Comparison by dimension
Governance
Both isolate tenants. Mem0 scopes access by organization/project membership and entity identifiers; Heartwood binds policy to each memory record and enforces it before ranking. If your controls need to travel with individual memories, that's the difference.
Provable erasure
Mem0 documents record, batch, entity-filtered, and project deletion — real deletion, but not a cryptographic proof. Heartwood's forget(hard) crypto-shreds the per-subject key and records a key-destruction proof (scoped honestly: proof of key destruction, not instant physical deletion).
Deployment & license
Both self-host; Mem0's OSS repo is Apache-2.0, Heartwood's core is source-available under BSL 1.1 (0.1.x MIT). Mem0's managed Platform ships today; Heartwood's hosted tiers are early access.
Who Mem0 is best for
Teams wanting a drop-in, integration-rich memory layer, managed or self-hosted, without a record-level proof requirement.
Who Heartwood is best for
Regulated/compliance-driven teams that need per-record provenance, policy-gated recall, and a re-executable deletion proof.
Can Heartwood run underneath Mem0?
Heartwood implements a shape-compatible memory-provider lifecycle (an example contract, not an official integration) and can sit underneath as the governed store behind the same memory calls.

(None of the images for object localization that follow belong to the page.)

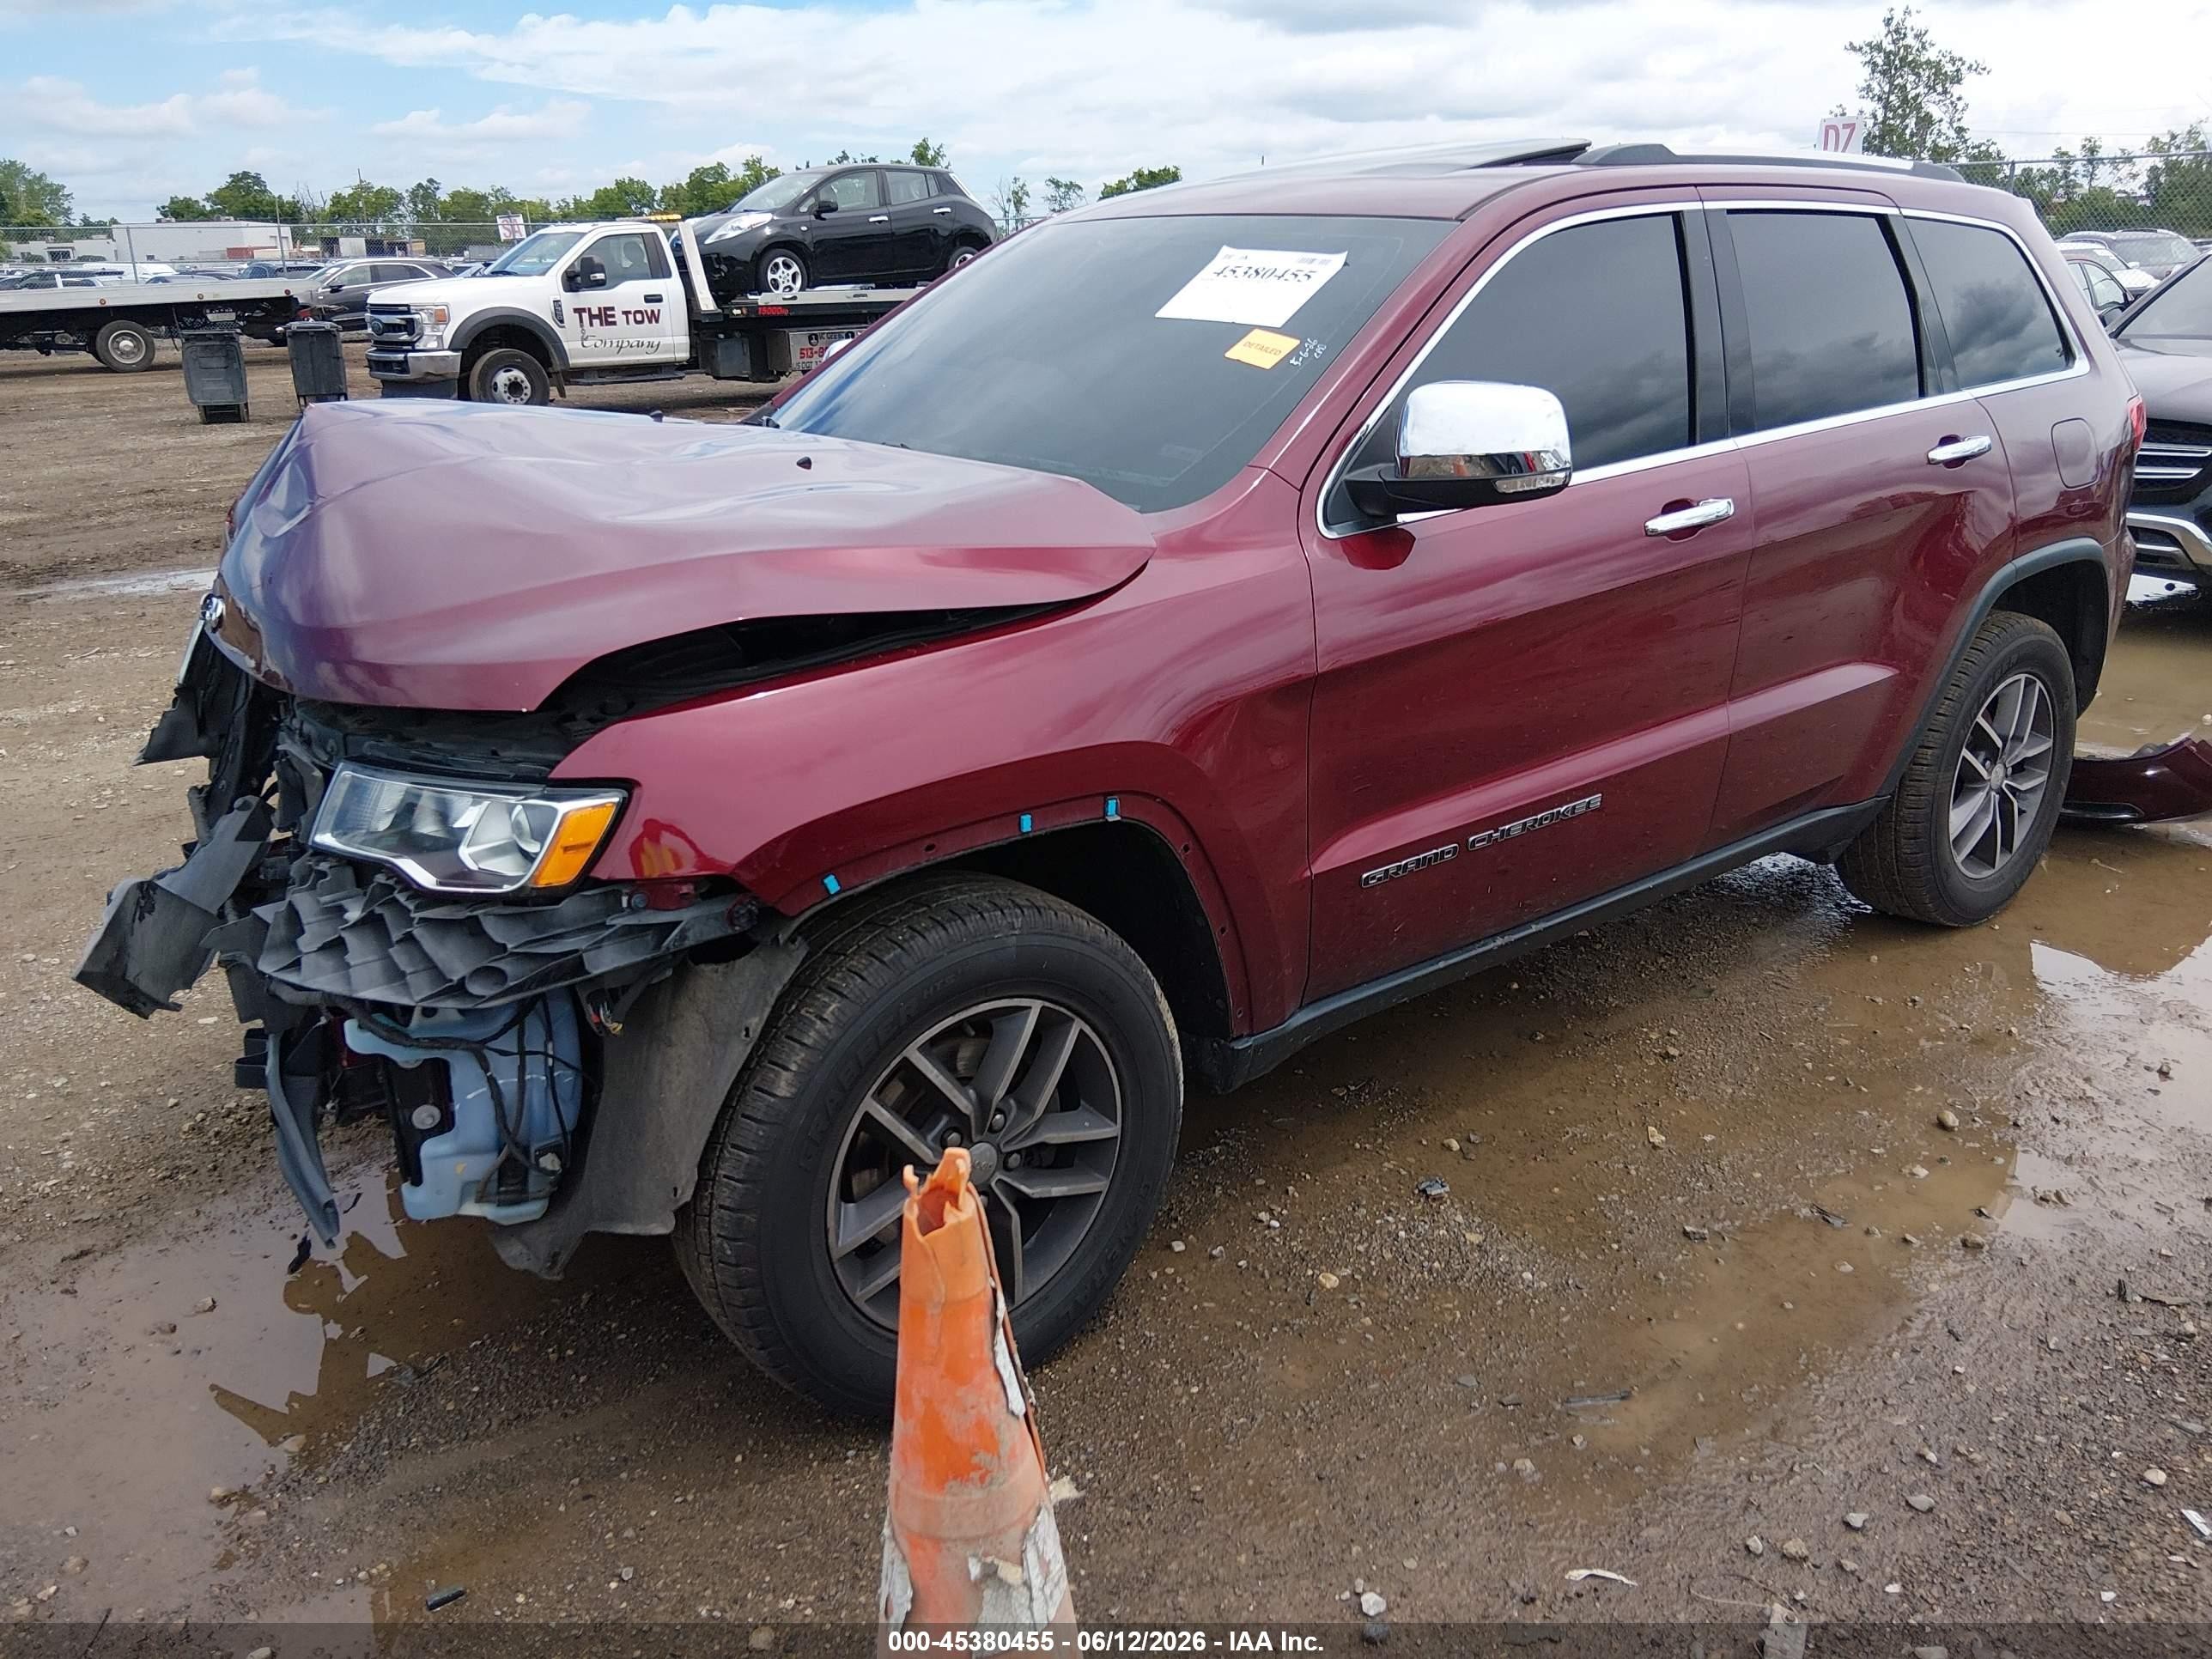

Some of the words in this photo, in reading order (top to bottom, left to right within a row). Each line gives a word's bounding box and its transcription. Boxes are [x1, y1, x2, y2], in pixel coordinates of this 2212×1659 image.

[1212, 264, 1318, 283] 45380455
[572, 306, 617, 327] THE
[621, 308, 660, 325] TOW
[580, 334, 661, 355] Company
[1243, 340, 1282, 356] DETAILED
[1361, 842, 1460, 889] GRAND
[1467, 793, 1602, 851] CHEROKEE
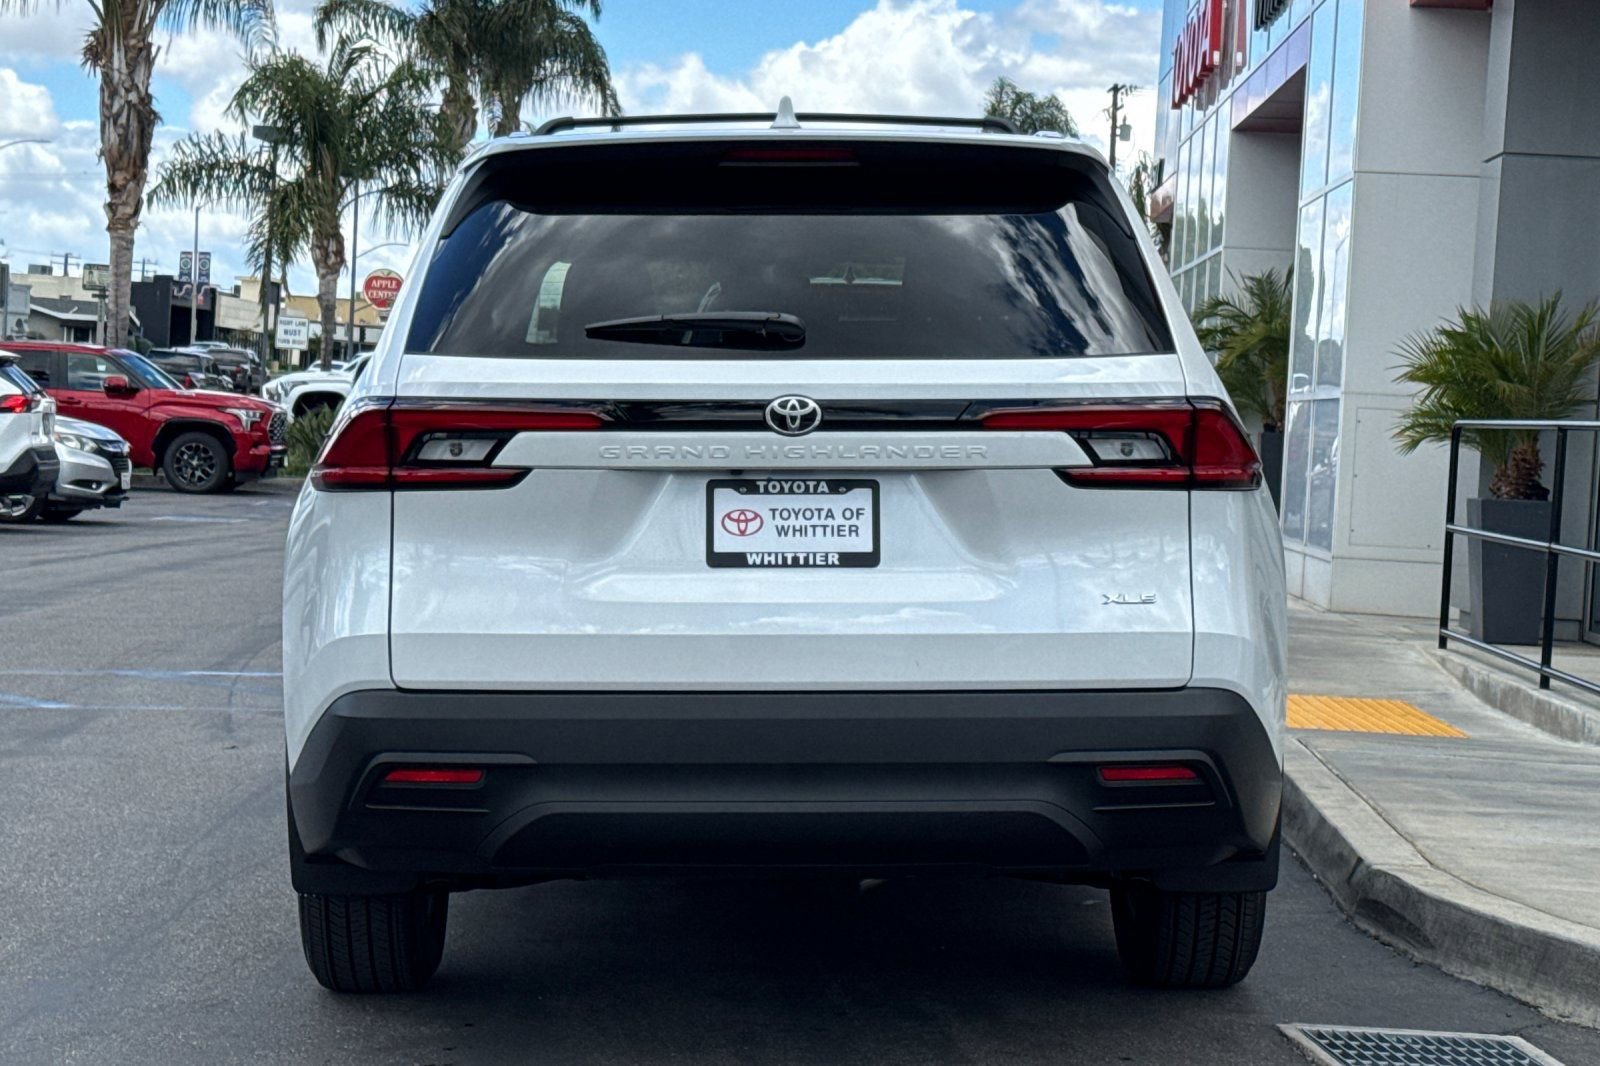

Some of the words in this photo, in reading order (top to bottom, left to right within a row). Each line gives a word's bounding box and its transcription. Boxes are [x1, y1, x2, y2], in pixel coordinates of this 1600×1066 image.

[371, 279, 397, 289] APPLE
[368, 289, 397, 299] CENTE
[599, 444, 731, 460] GRAND
[745, 444, 989, 460] HIGHLANDER
[756, 480, 830, 494] TOYOTA
[768, 507, 836, 521] TOYOTA
[842, 507, 866, 521] OF
[775, 524, 860, 538] WHITTIER
[746, 552, 840, 566] WHITTIER
[1101, 591, 1157, 605] XLE

See the governed-memory modelFAQ
Is Heartwood a drop-in Mem0 replacement?
Not a drop-in — it's a governed layer with a shape-compatible provider contract, so integration differs. If governance, audit, and provable erasure are requirements, that difference is the point.
Is Mem0 open source?
Mem0's open-source repository is Apache-2.0; its managed Platform has separate terms.